▶ _Task to carry out_
Could you retype every record below exactly as it appears?

▶ _Data records_
--- START ---

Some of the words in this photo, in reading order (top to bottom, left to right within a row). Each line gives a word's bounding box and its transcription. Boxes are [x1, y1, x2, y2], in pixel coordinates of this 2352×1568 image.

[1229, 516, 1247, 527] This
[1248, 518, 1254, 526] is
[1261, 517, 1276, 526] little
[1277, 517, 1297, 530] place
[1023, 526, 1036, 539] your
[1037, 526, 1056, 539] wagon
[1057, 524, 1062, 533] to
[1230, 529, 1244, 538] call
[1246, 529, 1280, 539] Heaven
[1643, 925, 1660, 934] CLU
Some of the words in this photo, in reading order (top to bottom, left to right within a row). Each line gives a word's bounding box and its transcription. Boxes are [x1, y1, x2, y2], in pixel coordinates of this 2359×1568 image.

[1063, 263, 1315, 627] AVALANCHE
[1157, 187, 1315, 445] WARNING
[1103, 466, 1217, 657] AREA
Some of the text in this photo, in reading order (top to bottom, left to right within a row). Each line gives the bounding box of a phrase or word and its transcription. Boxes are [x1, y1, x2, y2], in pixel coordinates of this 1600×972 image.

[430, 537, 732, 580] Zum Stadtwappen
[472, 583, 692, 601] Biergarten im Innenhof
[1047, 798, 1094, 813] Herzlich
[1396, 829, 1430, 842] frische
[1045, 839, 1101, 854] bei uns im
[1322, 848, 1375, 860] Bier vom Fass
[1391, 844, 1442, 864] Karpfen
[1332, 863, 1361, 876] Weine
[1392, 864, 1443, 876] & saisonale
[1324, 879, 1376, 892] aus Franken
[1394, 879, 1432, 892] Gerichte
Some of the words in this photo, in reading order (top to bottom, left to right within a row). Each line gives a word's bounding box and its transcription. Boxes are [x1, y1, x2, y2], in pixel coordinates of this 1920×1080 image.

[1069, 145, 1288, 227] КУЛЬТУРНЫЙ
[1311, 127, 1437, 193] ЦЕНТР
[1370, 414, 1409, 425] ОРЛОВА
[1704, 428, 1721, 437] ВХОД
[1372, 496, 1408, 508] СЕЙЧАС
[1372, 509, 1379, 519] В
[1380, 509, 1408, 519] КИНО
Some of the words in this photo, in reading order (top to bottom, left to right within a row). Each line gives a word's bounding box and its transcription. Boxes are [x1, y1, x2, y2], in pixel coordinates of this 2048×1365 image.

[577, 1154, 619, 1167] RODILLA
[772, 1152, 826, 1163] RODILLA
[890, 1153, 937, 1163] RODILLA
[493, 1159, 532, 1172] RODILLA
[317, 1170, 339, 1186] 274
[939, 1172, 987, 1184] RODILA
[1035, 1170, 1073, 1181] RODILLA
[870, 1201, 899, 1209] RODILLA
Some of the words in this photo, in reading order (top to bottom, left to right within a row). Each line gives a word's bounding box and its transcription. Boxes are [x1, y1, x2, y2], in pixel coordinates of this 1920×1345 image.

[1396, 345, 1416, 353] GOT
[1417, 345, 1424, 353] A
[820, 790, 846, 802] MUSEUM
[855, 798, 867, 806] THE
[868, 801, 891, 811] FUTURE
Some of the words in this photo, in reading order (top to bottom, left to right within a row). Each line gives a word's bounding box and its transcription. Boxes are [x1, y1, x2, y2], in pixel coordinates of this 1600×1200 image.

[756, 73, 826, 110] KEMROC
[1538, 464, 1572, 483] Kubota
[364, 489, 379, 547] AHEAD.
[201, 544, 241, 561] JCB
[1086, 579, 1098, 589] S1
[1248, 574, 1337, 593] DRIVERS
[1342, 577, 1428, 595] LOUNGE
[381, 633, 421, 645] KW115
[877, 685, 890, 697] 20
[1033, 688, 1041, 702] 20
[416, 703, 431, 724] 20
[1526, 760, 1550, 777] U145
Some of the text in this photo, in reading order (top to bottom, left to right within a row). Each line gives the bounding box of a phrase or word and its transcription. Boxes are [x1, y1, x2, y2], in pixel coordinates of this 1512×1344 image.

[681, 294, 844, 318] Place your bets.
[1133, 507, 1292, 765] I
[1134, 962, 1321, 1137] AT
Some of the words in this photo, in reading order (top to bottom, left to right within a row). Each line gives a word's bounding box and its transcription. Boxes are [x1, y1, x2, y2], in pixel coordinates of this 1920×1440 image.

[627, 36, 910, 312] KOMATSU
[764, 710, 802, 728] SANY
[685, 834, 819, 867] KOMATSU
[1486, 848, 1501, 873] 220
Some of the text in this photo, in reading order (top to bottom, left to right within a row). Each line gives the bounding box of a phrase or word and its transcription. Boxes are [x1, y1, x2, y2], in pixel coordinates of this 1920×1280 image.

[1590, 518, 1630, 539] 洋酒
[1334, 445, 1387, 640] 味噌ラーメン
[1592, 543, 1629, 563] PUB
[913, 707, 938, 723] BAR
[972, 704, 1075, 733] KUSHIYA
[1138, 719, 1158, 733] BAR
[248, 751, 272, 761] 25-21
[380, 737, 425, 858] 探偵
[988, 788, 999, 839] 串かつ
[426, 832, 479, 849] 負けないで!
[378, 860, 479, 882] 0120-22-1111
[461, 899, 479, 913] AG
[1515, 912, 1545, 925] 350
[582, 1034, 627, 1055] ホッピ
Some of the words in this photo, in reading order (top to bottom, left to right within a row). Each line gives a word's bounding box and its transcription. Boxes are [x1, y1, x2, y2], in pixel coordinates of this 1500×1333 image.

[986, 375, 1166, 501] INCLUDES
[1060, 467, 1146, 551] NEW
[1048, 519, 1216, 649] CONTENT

--- END ---

▶ _Response to the exercise_
Some of the words in this photo, in reading order (top to bottom, left to right within a row). Each line gives a word's bounding box and its transcription. Boxes are [x1, y1, x2, y2], in pixel coordinates of this 2352×1568 image.

[1229, 516, 1247, 527] This
[1248, 518, 1254, 526] is
[1261, 517, 1276, 526] little
[1277, 517, 1297, 530] place
[1023, 526, 1036, 539] your
[1037, 526, 1056, 539] wagon
[1057, 524, 1062, 533] to
[1230, 529, 1244, 538] call
[1246, 529, 1280, 539] Heaven
[1643, 925, 1660, 934] CLU
Some of the words in this photo, in reading order (top to bottom, left to right within a row). Each line gives a word's bounding box and its transcription. Boxes are [x1, y1, x2, y2], in pixel coordinates of this 2359×1568 image.

[1063, 263, 1315, 627] AVALANCHE
[1157, 187, 1315, 445] WARNING
[1103, 466, 1217, 657] AREA
Some of the text in this photo, in reading order (top to bottom, left to right within a row). Each line gives the bounding box of a phrase or word and its transcription. Boxes are [x1, y1, x2, y2], in pixel coordinates of this 1600×972 image.

[430, 537, 732, 580] Zum Stadtwappen
[472, 583, 692, 601] Biergarten im Innenhof
[1047, 798, 1094, 813] Herzlich
[1396, 829, 1430, 842] frische
[1045, 839, 1101, 854] bei uns im
[1322, 848, 1375, 860] Bier vom Fass
[1391, 844, 1442, 864] Karpfen
[1332, 863, 1361, 876] Weine
[1392, 864, 1443, 876] & saisonale
[1324, 879, 1376, 892] aus Franken
[1394, 879, 1432, 892] Gerichte
Some of the words in this photo, in reading order (top to bottom, left to right within a row). Each line gives a word's bounding box and its transcription. Boxes are [x1, y1, x2, y2], in pixel coordinates of this 1920×1080 image.

[1069, 145, 1288, 227] КУЛЬТУРНЫЙ
[1311, 127, 1437, 193] ЦЕНТР
[1370, 414, 1409, 425] ОРЛОВА
[1704, 428, 1721, 437] ВХОД
[1372, 496, 1408, 508] СЕЙЧАС
[1372, 509, 1379, 519] В
[1380, 509, 1408, 519] КИНО
Some of the words in this photo, in reading order (top to bottom, left to right within a row). Each line gives a word's bounding box and its transcription. Boxes are [x1, y1, x2, y2], in pixel coordinates of this 2048×1365 image.

[577, 1154, 619, 1167] RODILLA
[772, 1152, 826, 1163] RODILLA
[890, 1153, 937, 1163] RODILLA
[493, 1159, 532, 1172] RODILLA
[317, 1170, 339, 1186] 274
[939, 1172, 987, 1184] RODILA
[1035, 1170, 1073, 1181] RODILLA
[870, 1201, 899, 1209] RODILLA
Some of the words in this photo, in reading order (top to bottom, left to right within a row). Each line gives a word's bounding box and its transcription. Boxes are [x1, y1, x2, y2], in pixel coordinates of this 1920×1345 image.

[1396, 345, 1416, 353] GOT
[1417, 345, 1424, 353] A
[820, 790, 846, 802] MUSEUM
[855, 798, 867, 806] THE
[868, 801, 891, 811] FUTURE
Some of the words in this photo, in reading order (top to bottom, left to right within a row). Each line gives a word's bounding box and its transcription. Boxes are [x1, y1, x2, y2], in pixel coordinates of this 1600×1200 image.

[756, 73, 826, 110] KEMROC
[1538, 464, 1572, 483] Kubota
[364, 489, 379, 547] AHEAD.
[201, 544, 241, 561] JCB
[1086, 579, 1098, 589] S1
[1248, 574, 1337, 593] DRIVERS
[1342, 577, 1428, 595] LOUNGE
[381, 633, 421, 645] KW115
[877, 685, 890, 697] 20
[1033, 688, 1041, 702] 20
[416, 703, 431, 724] 20
[1526, 760, 1550, 777] U145
Some of the text in this photo, in reading order (top to bottom, left to right within a row). Each line gives the bounding box of a phrase or word and its transcription. Boxes are [x1, y1, x2, y2], in pixel coordinates of this 1512×1344 image.

[681, 294, 844, 318] Place your bets.
[1133, 507, 1292, 765] I
[1134, 962, 1321, 1137] AT
Some of the words in this photo, in reading order (top to bottom, left to right within a row). Each line gives a word's bounding box and its transcription. Boxes are [x1, y1, x2, y2], in pixel coordinates of this 1920×1440 image.

[627, 36, 910, 312] KOMATSU
[764, 710, 802, 728] SANY
[685, 834, 819, 867] KOMATSU
[1486, 848, 1501, 873] 220
Some of the text in this photo, in reading order (top to bottom, left to right within a row). Each line gives the bounding box of a phrase or word and its transcription. Boxes are [x1, y1, x2, y2], in pixel coordinates of this 1920×1280 image.

[1590, 518, 1630, 539] 洋酒
[1334, 445, 1387, 640] 味噌ラーメン
[1592, 543, 1629, 563] PUB
[913, 707, 938, 723] BAR
[972, 704, 1075, 733] KUSHIYA
[1138, 719, 1158, 733] BAR
[248, 751, 272, 761] 25-21
[380, 737, 425, 858] 探偵
[988, 788, 999, 839] 串かつ
[426, 832, 479, 849] 負けないで!
[378, 860, 479, 882] 0120-22-1111
[461, 899, 479, 913] AG
[1515, 912, 1545, 925] 350
[582, 1034, 627, 1055] ホッピ
Some of the words in this photo, in reading order (top to bottom, left to right within a row). Each line gives a word's bounding box and its transcription. Boxes are [x1, y1, x2, y2], in pixel coordinates of this 1500×1333 image.

[986, 375, 1166, 501] INCLUDES
[1060, 467, 1146, 551] NEW
[1048, 519, 1216, 649] CONTENT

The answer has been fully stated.